A masterpiece by Kandinsky, Murnau mit Kirche II, recently recovered by the heirs of its owner, a German Jew killed by the Nazis, was sold for nearly 42 million euros, Wednesday March 1, in London, a new auction record for this artist according to Sotheby’s.

“Kandinsky’s early works are rarely brought to market, with the bulk of them found in major museum collections around the world,” the auction house said. The painting was sold for 37.2 million pounds sterling (41.9 million euros).

This work by Vassily Kandinsky, about one meter by one meter, offers a colorful vision of the German village of Murnau, its pointed roofs and the spire of its church, stretched just like the peaks of the Bavarian Alps. This oil on canvas, painted in 1910, a pivotal moment in the work of the Russian painter, has long adorned the dining room of Johanna Margarethe and Siegbert Stern, founders of a prosperous textile company.

Owner victim of the Nazis

This couple at the heart of Berlin cultural life in the 1920s, who frequented Thomas Mann, Franz Kafka or Albert Einstein, had built up an impressive collection of around a hundred paintings and drawings that adorned their interior. If Siegbert Stern died of natural causes in 1935, his wife Johanna Margarethe had to flee persecution and Germany before finally being the victim of the extermination of the Jews by the Nazis in Auschwitz in May 1944.

It was almost a decade ago that Murnau mit Kirche II was identified in a museum in Eindhoven, the Netherlands, where it had been since 1951. It was returned to the heirs last year Stern, whose thirteen survivors will share the proceeds of the sale. “While nothing can undo the misdeeds of the past, the heirs pointed out, the return of this painting that meant so much to our great-grandparents has immense significance for us, as it is recognition and partially closes a wound that had remained open through generations. »

During this evening was also auctioned a 4 meter long painting by Edvard Munch, Dance on the beach (1906), sheltered from the Nazis in a barn in the heart of the Norwegian forest and which made the subject of a restitution agreement. In the foreground of the canvas are two great loves of the artist, two liaisons that ended in pain. The painting was sold for 16.9 million pounds sterling (19 million euros).
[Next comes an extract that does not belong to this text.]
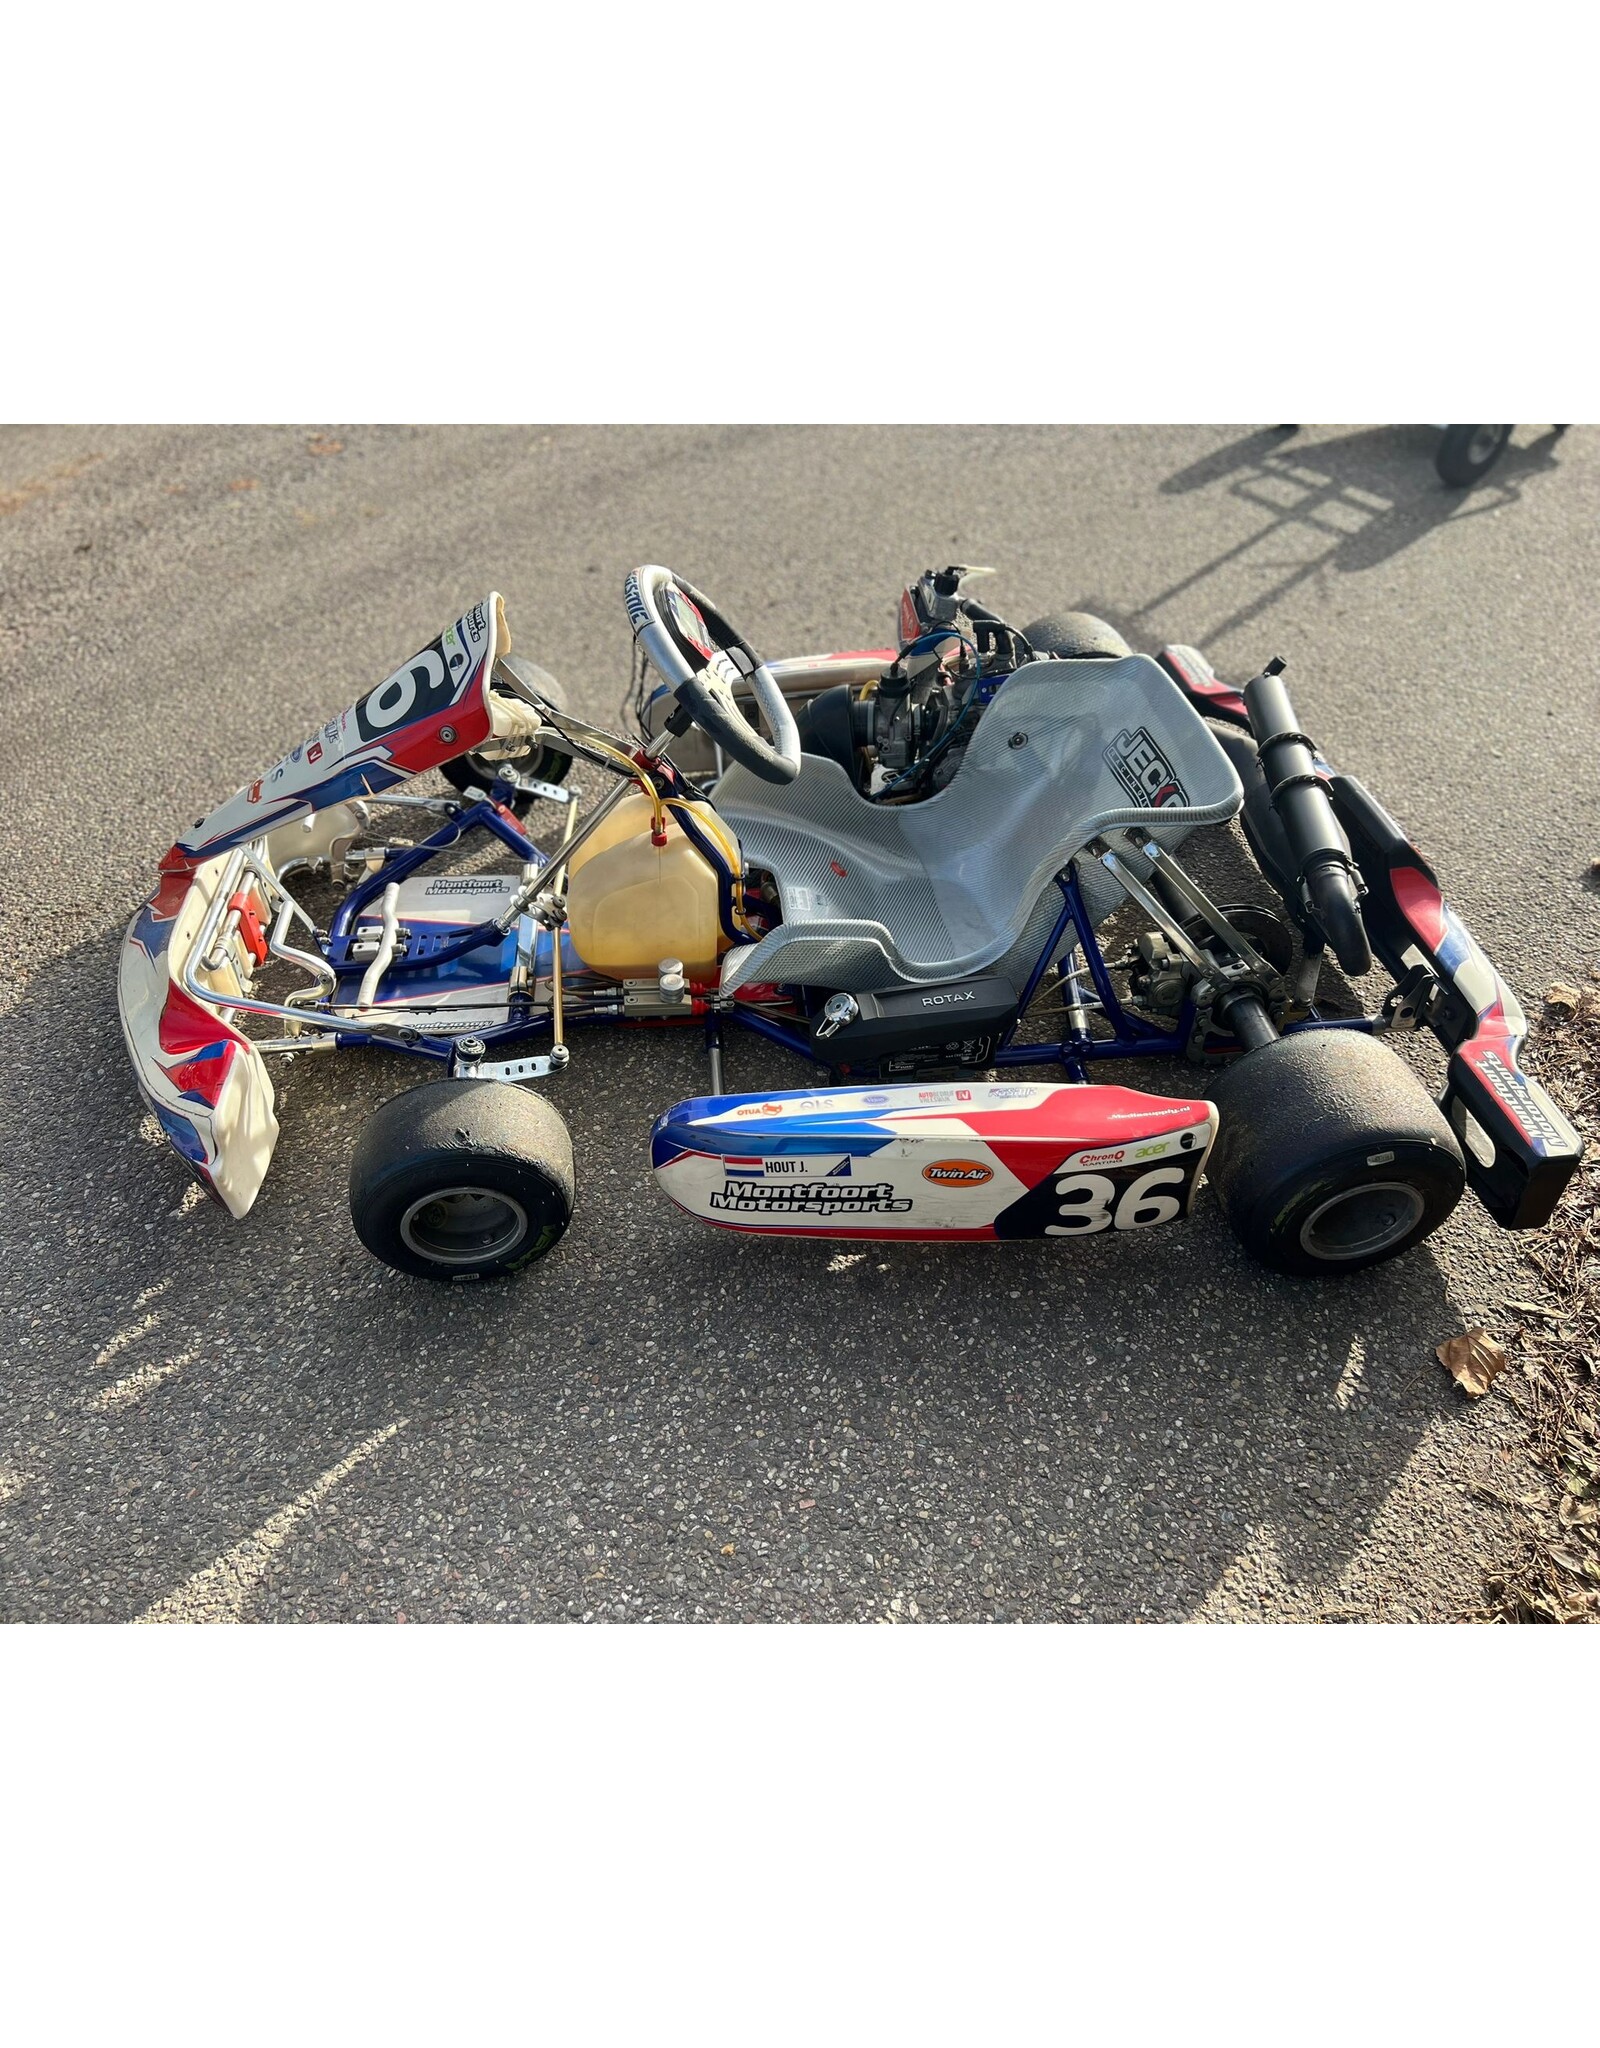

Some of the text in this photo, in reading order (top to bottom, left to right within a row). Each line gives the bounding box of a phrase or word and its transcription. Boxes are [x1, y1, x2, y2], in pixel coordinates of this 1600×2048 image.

A painting by Frantisek Kupka, Complex (1912), which belonged to actor Sean Connery, was sold for 4.6 million pounds sterling (5.2 million euros). Proceeds will go to the Connery Foundation, which works in Scotland and the Bahamas. This sale is part of a series of auctions in London devoted to modern and contemporary art. At Christie’s, paintings by Cézanne, Magritte or Picasso estimated at several million euros must also go under the hammer.